Rosa too woke up the next day unsure whether she had walked in the street below in a dream, but the mud between her toes showed her that she had indeed left the house. She stele into the kitchen to find Sabina and beg some hot water in secret, before the others found her out; Sabina giggled and her eyes flicked from side to side as Rosa described how she must have sleep-walked, how dangerous it was, how someone could have accidentally woken her and she might have fallen down, without being able to put out a hand to stop her fall, and died.
Sabina nodded energetically. ‘What a fall that would have been! I know the falls that can happen to young girls; it’s an amazing thing, when you think how supple their bodies are, how round and well-padded – yes, my little signorina Rosalba, what terrible falls can happen!’ She tested the water with her elbow, pushing the sleeve up, as she had done when the girl she was teasing was a baby, and then dipped the scoop into the cauldron and ladled it into a bowl for Rosa to wash the dirt of the road off her toes.

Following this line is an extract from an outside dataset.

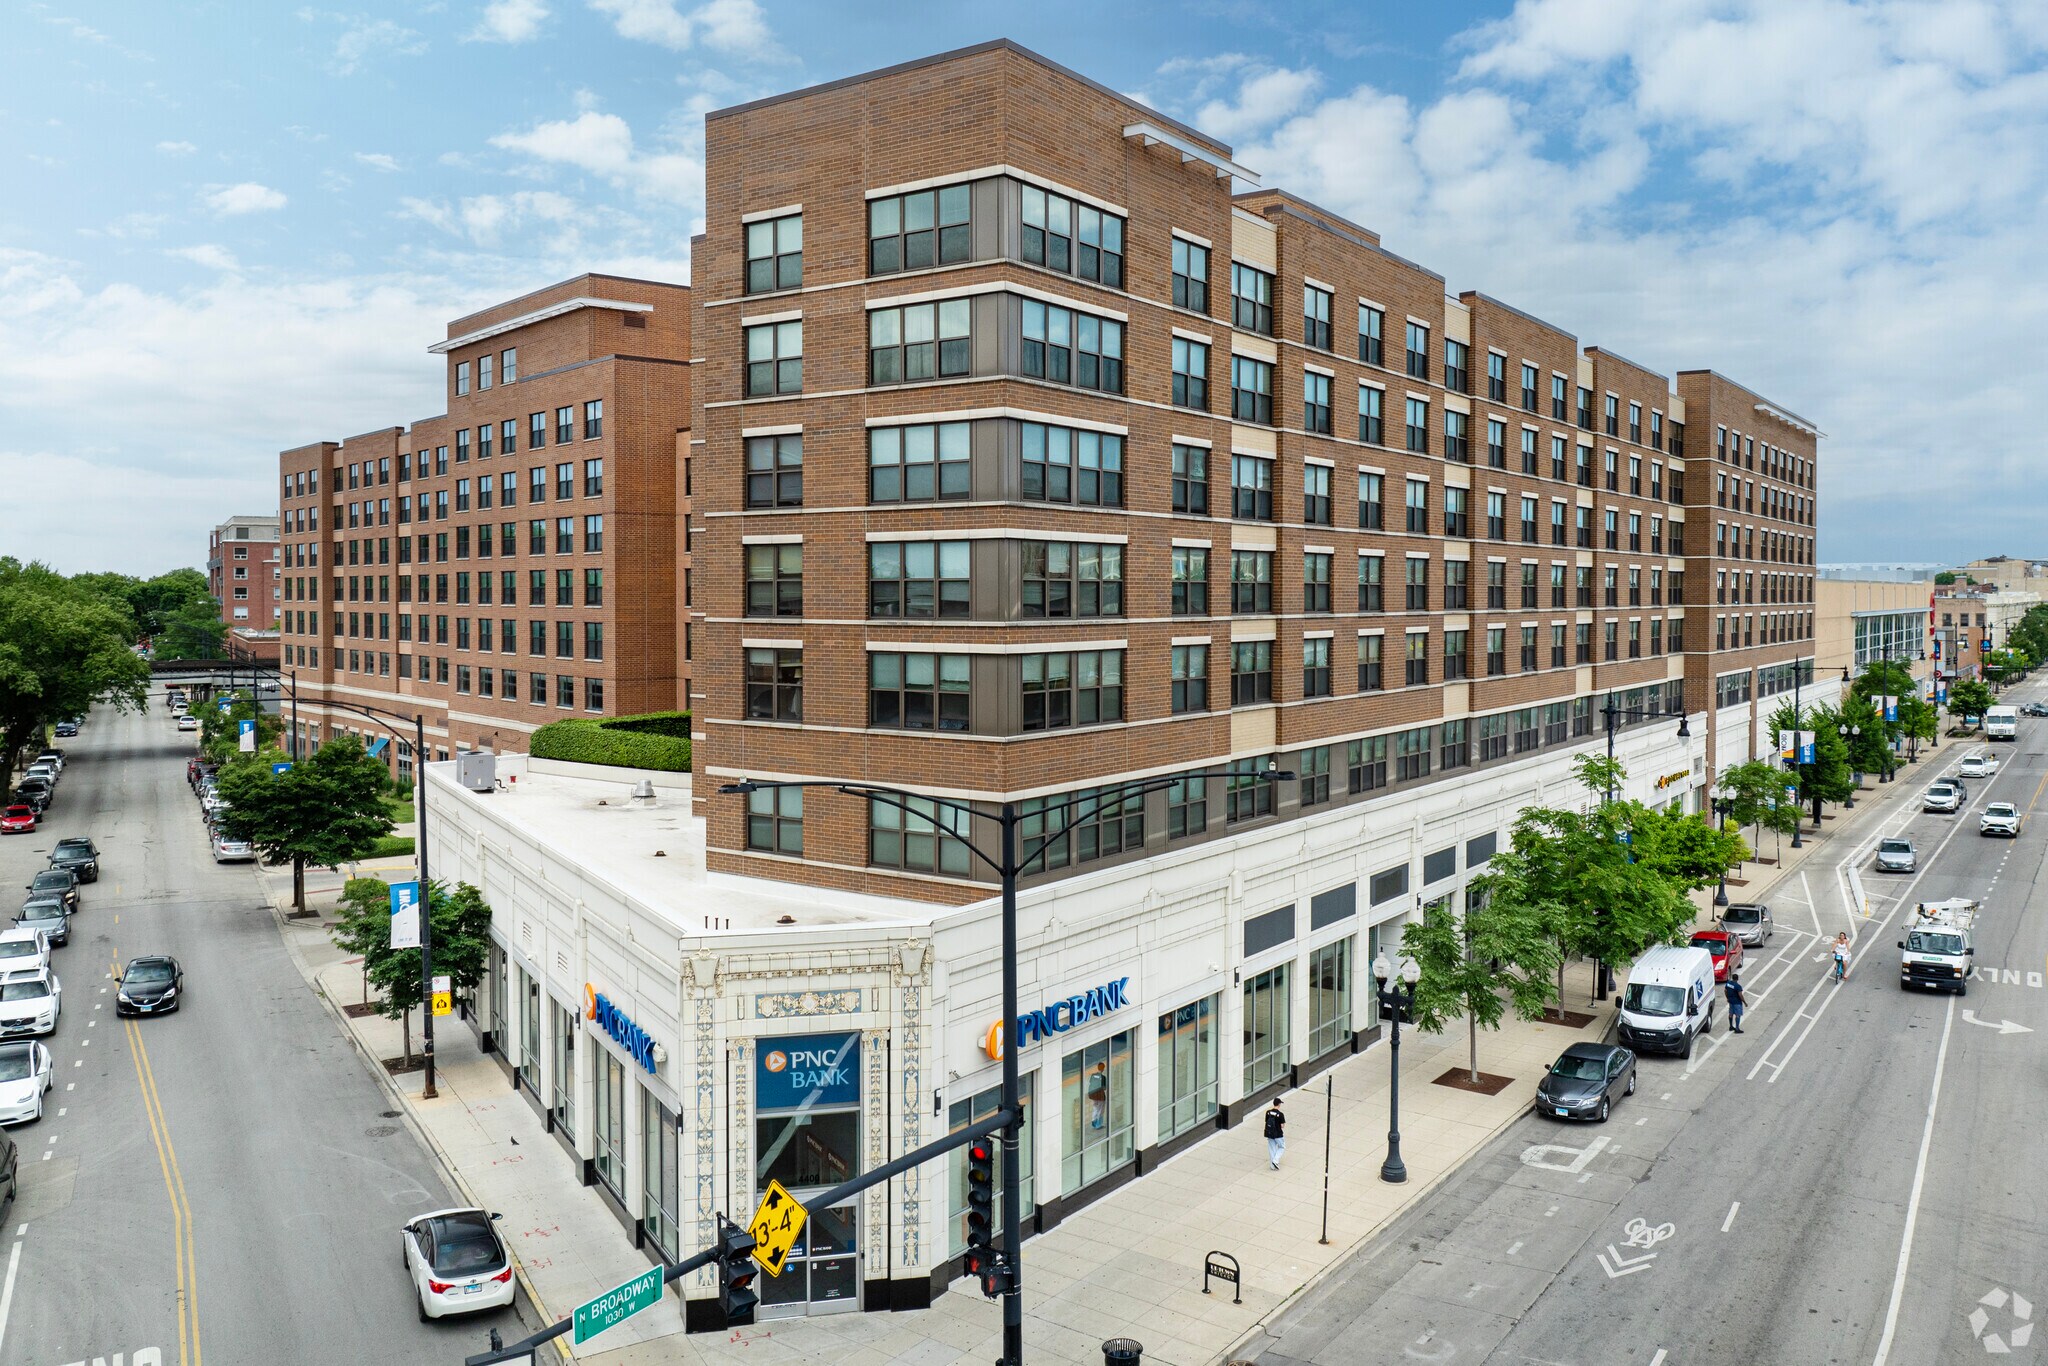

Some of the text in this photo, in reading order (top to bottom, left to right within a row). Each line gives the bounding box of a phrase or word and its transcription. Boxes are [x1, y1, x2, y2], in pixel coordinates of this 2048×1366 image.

But as she bent to give her the bowl, she lowered her voice, and whispered in Rosa’s ear, ‘Be careful, you’re not a child any more, you mustn’t forget that. Gallivanting at night – really. I trust you, you’re not a fool, you know what could happen if you got up to some mischief out there,’ and her fingers described general obloquy with a sweeping gesture of abolition, ‘and then you’ll never get a husband either. Unless …’ her voice dropped lower, ‘you get me to take you to La Lavandaia to be made good as new, but you wouldn’t like that, my little lady, the cutting and the sewing hurts like the devil …’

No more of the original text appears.